> _What to do_: Please set down the data again exactly, minus the pictures.

Saved entries
>>>

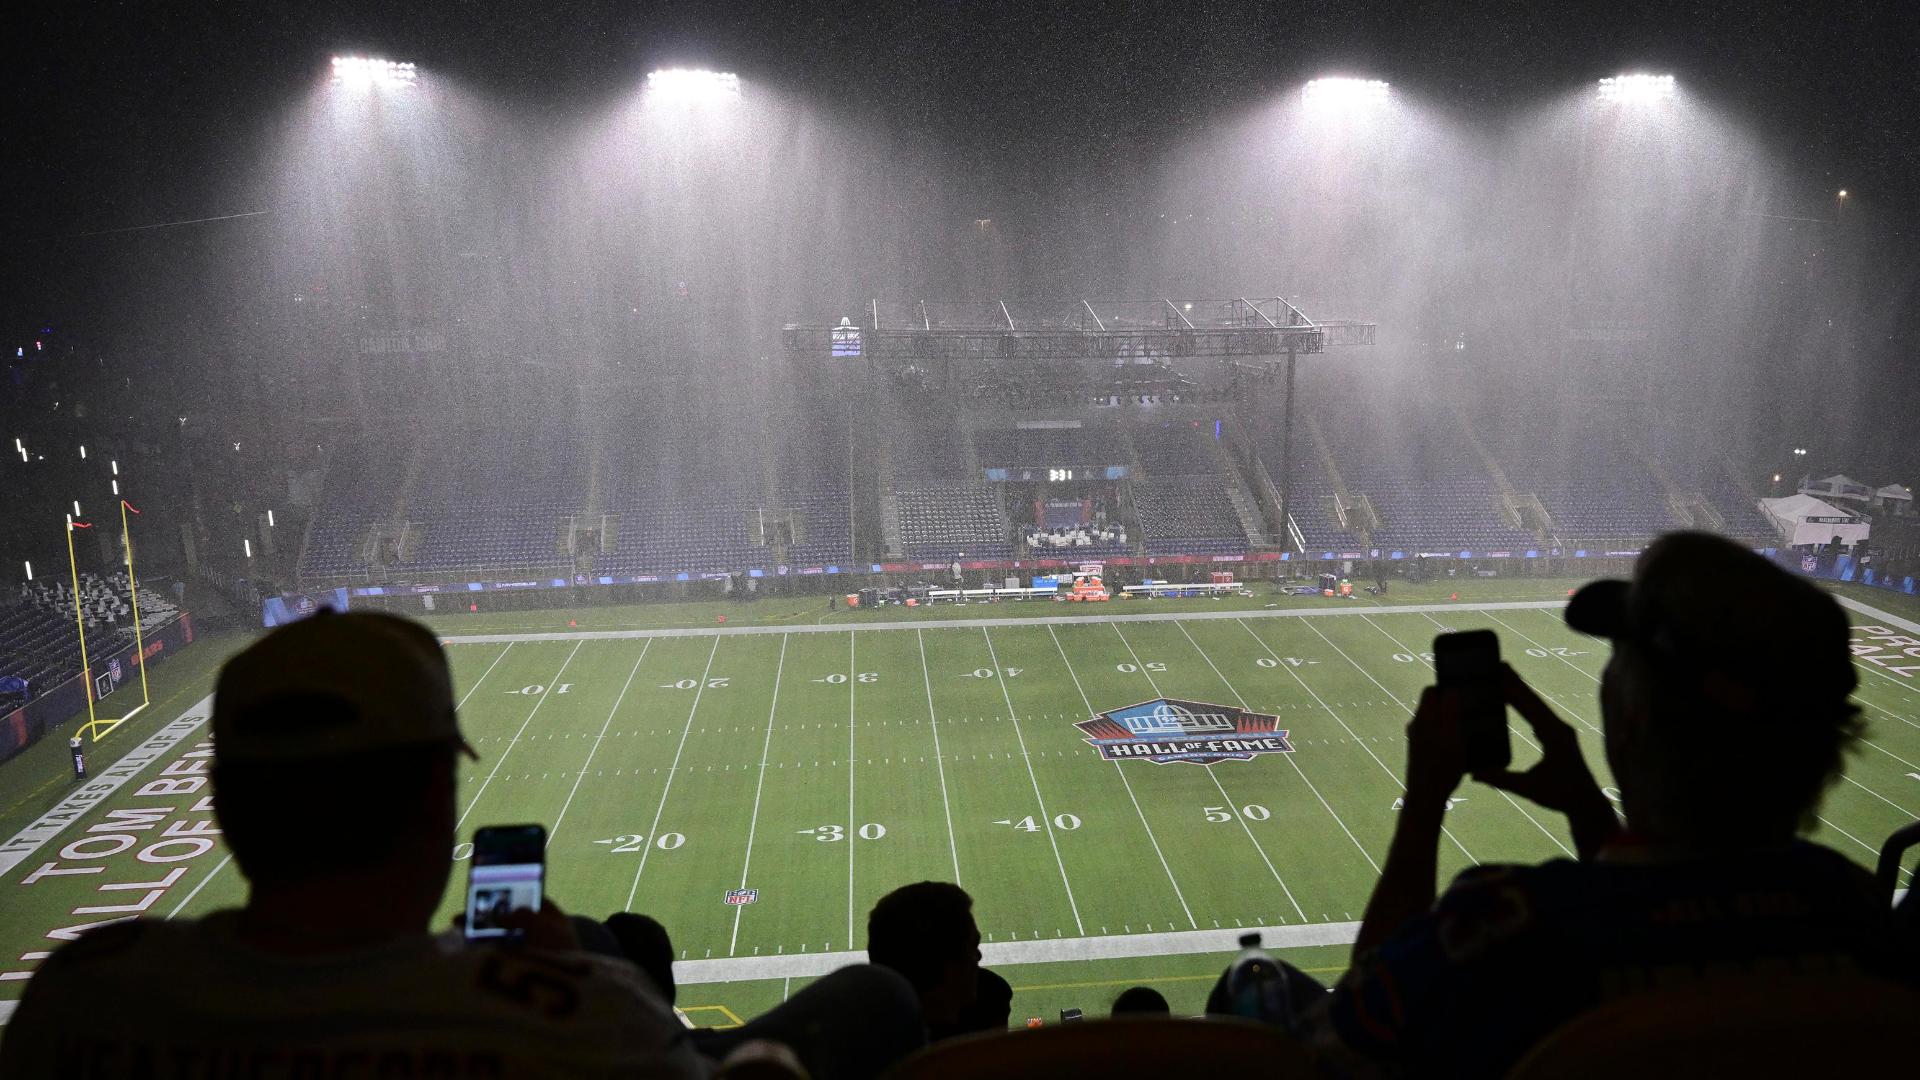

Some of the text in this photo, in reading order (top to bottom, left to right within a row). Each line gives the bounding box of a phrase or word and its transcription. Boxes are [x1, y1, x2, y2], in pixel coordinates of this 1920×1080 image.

[1110, 738, 1282, 756] HALL OF FAME
[0, 716, 204, 852] IT TAKES ALL OF US
[1013, 813, 1082, 833] 40
[1203, 804, 1271, 823] 50
[609, 831, 687, 853] 20
[815, 822, 887, 842] 30
[20, 807, 177, 885] TOM
[453, 842, 474, 861] 0

<<<

> _Reply to the task_:
Some of the text in this photo, in reading order (top to bottom, left to right within a row). Each line gives the bounding box of a phrase or word and its transcription. Boxes are [x1, y1, x2, y2], in pixel coordinates of this 1920×1080 image.

[1110, 738, 1282, 756] HALL OF FAME
[0, 716, 204, 852] IT TAKES ALL OF US
[1013, 813, 1082, 833] 40
[1203, 804, 1271, 823] 50
[609, 831, 687, 853] 20
[815, 822, 887, 842] 30
[20, 807, 177, 885] TOM
[453, 842, 474, 861] 0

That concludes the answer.